** REQUIRED WORK **
Only an exact retyping of all the entries counts as an answer.

** DATA SUPPLIED **
============================================================
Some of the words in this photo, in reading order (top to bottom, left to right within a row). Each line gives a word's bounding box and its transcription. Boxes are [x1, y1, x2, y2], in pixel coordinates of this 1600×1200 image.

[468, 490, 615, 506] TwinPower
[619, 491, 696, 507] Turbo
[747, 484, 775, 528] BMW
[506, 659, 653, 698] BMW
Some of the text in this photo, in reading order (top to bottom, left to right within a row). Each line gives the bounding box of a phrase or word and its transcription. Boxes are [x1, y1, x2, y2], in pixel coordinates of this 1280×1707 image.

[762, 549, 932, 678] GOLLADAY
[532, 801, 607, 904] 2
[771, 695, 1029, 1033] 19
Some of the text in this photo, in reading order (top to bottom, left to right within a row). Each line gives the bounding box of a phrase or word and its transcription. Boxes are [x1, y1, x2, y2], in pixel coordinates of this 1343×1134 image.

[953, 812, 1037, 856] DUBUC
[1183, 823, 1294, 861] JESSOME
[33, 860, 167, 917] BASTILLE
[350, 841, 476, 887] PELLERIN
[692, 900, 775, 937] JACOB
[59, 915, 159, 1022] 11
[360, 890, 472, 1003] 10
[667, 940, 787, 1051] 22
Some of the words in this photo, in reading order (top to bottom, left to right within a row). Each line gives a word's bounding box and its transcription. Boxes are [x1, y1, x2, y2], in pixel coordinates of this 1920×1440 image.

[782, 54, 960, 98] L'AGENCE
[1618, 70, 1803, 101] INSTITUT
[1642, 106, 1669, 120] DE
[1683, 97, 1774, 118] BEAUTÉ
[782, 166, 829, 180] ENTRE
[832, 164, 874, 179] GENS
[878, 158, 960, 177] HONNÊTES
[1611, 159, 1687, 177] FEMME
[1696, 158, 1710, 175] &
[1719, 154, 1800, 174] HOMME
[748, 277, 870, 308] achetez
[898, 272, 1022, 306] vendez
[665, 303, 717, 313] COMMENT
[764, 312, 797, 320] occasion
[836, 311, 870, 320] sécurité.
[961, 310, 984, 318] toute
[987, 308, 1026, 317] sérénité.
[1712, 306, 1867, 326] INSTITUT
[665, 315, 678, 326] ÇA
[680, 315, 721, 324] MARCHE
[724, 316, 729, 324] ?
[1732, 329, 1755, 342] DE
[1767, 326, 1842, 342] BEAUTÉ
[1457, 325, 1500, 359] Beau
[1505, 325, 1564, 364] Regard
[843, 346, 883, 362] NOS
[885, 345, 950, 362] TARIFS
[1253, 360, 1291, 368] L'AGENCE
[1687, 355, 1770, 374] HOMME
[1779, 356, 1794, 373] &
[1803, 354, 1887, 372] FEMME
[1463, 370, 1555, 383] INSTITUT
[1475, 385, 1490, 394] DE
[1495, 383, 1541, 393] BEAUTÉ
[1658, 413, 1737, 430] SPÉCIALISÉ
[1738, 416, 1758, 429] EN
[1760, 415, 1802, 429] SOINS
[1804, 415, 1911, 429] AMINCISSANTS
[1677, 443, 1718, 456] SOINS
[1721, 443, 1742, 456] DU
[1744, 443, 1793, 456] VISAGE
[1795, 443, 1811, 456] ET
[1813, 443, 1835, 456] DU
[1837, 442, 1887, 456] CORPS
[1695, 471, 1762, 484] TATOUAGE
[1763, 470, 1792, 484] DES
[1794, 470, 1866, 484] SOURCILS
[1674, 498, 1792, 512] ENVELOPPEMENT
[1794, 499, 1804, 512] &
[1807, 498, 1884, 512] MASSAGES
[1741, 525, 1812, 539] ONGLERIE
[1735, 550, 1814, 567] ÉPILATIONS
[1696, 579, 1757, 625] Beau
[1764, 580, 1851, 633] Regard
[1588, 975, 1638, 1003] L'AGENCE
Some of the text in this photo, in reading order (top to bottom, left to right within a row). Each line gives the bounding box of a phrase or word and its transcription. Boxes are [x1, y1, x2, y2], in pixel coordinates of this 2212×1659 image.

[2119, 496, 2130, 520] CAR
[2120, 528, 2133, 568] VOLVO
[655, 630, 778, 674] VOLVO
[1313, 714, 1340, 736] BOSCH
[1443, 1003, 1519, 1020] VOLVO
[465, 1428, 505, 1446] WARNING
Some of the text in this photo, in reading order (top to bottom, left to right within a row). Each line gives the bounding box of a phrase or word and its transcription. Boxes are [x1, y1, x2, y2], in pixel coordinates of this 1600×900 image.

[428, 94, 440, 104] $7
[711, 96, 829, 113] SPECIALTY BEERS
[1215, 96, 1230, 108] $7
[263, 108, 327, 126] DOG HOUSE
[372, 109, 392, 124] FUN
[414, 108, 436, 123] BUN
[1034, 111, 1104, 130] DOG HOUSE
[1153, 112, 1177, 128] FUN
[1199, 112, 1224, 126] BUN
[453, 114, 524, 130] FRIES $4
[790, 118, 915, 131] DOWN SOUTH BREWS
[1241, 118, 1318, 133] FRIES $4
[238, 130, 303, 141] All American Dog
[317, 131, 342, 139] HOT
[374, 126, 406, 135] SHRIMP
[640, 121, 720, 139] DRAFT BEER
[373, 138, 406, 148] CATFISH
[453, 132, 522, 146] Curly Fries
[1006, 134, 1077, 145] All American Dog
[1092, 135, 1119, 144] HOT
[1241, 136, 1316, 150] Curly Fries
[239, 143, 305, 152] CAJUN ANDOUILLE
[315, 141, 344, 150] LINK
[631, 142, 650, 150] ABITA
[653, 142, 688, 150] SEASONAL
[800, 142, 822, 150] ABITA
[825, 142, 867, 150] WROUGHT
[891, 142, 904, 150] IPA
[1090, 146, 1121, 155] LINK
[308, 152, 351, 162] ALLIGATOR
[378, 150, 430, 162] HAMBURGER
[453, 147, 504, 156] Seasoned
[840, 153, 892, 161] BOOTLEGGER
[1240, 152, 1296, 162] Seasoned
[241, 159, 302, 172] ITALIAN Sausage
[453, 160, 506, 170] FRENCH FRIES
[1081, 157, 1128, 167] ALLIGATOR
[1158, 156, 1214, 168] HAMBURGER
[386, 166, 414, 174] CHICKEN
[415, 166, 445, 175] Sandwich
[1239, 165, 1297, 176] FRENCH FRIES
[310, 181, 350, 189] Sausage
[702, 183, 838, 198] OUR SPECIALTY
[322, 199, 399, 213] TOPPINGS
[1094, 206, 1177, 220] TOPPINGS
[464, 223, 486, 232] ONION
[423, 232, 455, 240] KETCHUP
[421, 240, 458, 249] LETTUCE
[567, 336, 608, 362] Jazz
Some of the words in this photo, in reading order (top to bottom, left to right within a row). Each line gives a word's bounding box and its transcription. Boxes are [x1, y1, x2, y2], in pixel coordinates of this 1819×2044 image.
============================================================
** ANSWER FOR THE TASK **
Some of the words in this photo, in reading order (top to bottom, left to right within a row). Each line gives a word's bounding box and its transcription. Boxes are [x1, y1, x2, y2], in pixel coordinates of this 1600×1200 image.

[468, 490, 615, 506] TwinPower
[619, 491, 696, 507] Turbo
[747, 484, 775, 528] BMW
[506, 659, 653, 698] BMW
Some of the text in this photo, in reading order (top to bottom, left to right within a row). Each line gives the bounding box of a phrase or word and its transcription. Boxes are [x1, y1, x2, y2], in pixel coordinates of this 1280×1707 image.

[762, 549, 932, 678] GOLLADAY
[532, 801, 607, 904] 2
[771, 695, 1029, 1033] 19
Some of the text in this photo, in reading order (top to bottom, left to right within a row). Each line gives the bounding box of a phrase or word and its transcription. Boxes are [x1, y1, x2, y2], in pixel coordinates of this 1343×1134 image.

[953, 812, 1037, 856] DUBUC
[1183, 823, 1294, 861] JESSOME
[33, 860, 167, 917] BASTILLE
[350, 841, 476, 887] PELLERIN
[692, 900, 775, 937] JACOB
[59, 915, 159, 1022] 11
[360, 890, 472, 1003] 10
[667, 940, 787, 1051] 22
Some of the words in this photo, in reading order (top to bottom, left to right within a row). Each line gives a word's bounding box and its transcription. Boxes are [x1, y1, x2, y2], in pixel coordinates of this 1920×1440 image.

[782, 54, 960, 98] L'AGENCE
[1618, 70, 1803, 101] INSTITUT
[1642, 106, 1669, 120] DE
[1683, 97, 1774, 118] BEAUTÉ
[782, 166, 829, 180] ENTRE
[832, 164, 874, 179] GENS
[878, 158, 960, 177] HONNÊTES
[1611, 159, 1687, 177] FEMME
[1696, 158, 1710, 175] &
[1719, 154, 1800, 174] HOMME
[748, 277, 870, 308] achetez
[898, 272, 1022, 306] vendez
[665, 303, 717, 313] COMMENT
[764, 312, 797, 320] occasion
[836, 311, 870, 320] sécurité.
[961, 310, 984, 318] toute
[987, 308, 1026, 317] sérénité.
[1712, 306, 1867, 326] INSTITUT
[665, 315, 678, 326] ÇA
[680, 315, 721, 324] MARCHE
[724, 316, 729, 324] ?
[1732, 329, 1755, 342] DE
[1767, 326, 1842, 342] BEAUTÉ
[1457, 325, 1500, 359] Beau
[1505, 325, 1564, 364] Regard
[843, 346, 883, 362] NOS
[885, 345, 950, 362] TARIFS
[1253, 360, 1291, 368] L'AGENCE
[1687, 355, 1770, 374] HOMME
[1779, 356, 1794, 373] &
[1803, 354, 1887, 372] FEMME
[1463, 370, 1555, 383] INSTITUT
[1475, 385, 1490, 394] DE
[1495, 383, 1541, 393] BEAUTÉ
[1658, 413, 1737, 430] SPÉCIALISÉ
[1738, 416, 1758, 429] EN
[1760, 415, 1802, 429] SOINS
[1804, 415, 1911, 429] AMINCISSANTS
[1677, 443, 1718, 456] SOINS
[1721, 443, 1742, 456] DU
[1744, 443, 1793, 456] VISAGE
[1795, 443, 1811, 456] ET
[1813, 443, 1835, 456] DU
[1837, 442, 1887, 456] CORPS
[1695, 471, 1762, 484] TATOUAGE
[1763, 470, 1792, 484] DES
[1794, 470, 1866, 484] SOURCILS
[1674, 498, 1792, 512] ENVELOPPEMENT
[1794, 499, 1804, 512] &
[1807, 498, 1884, 512] MASSAGES
[1741, 525, 1812, 539] ONGLERIE
[1735, 550, 1814, 567] ÉPILATIONS
[1696, 579, 1757, 625] Beau
[1764, 580, 1851, 633] Regard
[1588, 975, 1638, 1003] L'AGENCE
Some of the text in this photo, in reading order (top to bottom, left to right within a row). Each line gives the bounding box of a phrase or word and its transcription. Boxes are [x1, y1, x2, y2], in pixel coordinates of this 2212×1659 image.

[2119, 496, 2130, 520] CAR
[2120, 528, 2133, 568] VOLVO
[655, 630, 778, 674] VOLVO
[1313, 714, 1340, 736] BOSCH
[1443, 1003, 1519, 1020] VOLVO
[465, 1428, 505, 1446] WARNING
Some of the text in this photo, in reading order (top to bottom, left to right within a row). Each line gives the bounding box of a phrase or word and its transcription. Boxes are [x1, y1, x2, y2], in pixel coordinates of this 1600×900 image.

[428, 94, 440, 104] $7
[711, 96, 829, 113] SPECIALTY BEERS
[1215, 96, 1230, 108] $7
[263, 108, 327, 126] DOG HOUSE
[372, 109, 392, 124] FUN
[414, 108, 436, 123] BUN
[1034, 111, 1104, 130] DOG HOUSE
[1153, 112, 1177, 128] FUN
[1199, 112, 1224, 126] BUN
[453, 114, 524, 130] FRIES $4
[790, 118, 915, 131] DOWN SOUTH BREWS
[1241, 118, 1318, 133] FRIES $4
[238, 130, 303, 141] All American Dog
[317, 131, 342, 139] HOT
[374, 126, 406, 135] SHRIMP
[640, 121, 720, 139] DRAFT BEER
[373, 138, 406, 148] CATFISH
[453, 132, 522, 146] Curly Fries
[1006, 134, 1077, 145] All American Dog
[1092, 135, 1119, 144] HOT
[1241, 136, 1316, 150] Curly Fries
[239, 143, 305, 152] CAJUN ANDOUILLE
[315, 141, 344, 150] LINK
[631, 142, 650, 150] ABITA
[653, 142, 688, 150] SEASONAL
[800, 142, 822, 150] ABITA
[825, 142, 867, 150] WROUGHT
[891, 142, 904, 150] IPA
[1090, 146, 1121, 155] LINK
[308, 152, 351, 162] ALLIGATOR
[378, 150, 430, 162] HAMBURGER
[453, 147, 504, 156] Seasoned
[840, 153, 892, 161] BOOTLEGGER
[1240, 152, 1296, 162] Seasoned
[241, 159, 302, 172] ITALIAN Sausage
[453, 160, 506, 170] FRENCH FRIES
[1081, 157, 1128, 167] ALLIGATOR
[1158, 156, 1214, 168] HAMBURGER
[386, 166, 414, 174] CHICKEN
[415, 166, 445, 175] Sandwich
[1239, 165, 1297, 176] FRENCH FRIES
[310, 181, 350, 189] Sausage
[702, 183, 838, 198] OUR SPECIALTY
[322, 199, 399, 213] TOPPINGS
[1094, 206, 1177, 220] TOPPINGS
[464, 223, 486, 232] ONION
[423, 232, 455, 240] KETCHUP
[421, 240, 458, 249] LETTUCE
[567, 336, 608, 362] Jazz
Some of the words in this photo, in reading order (top to bottom, left to right within a row). Each line gives a word's bounding box and its transcription. Boxes are [x1, y1, x2, y2], in pixel coordinates of this 1819×2044 image.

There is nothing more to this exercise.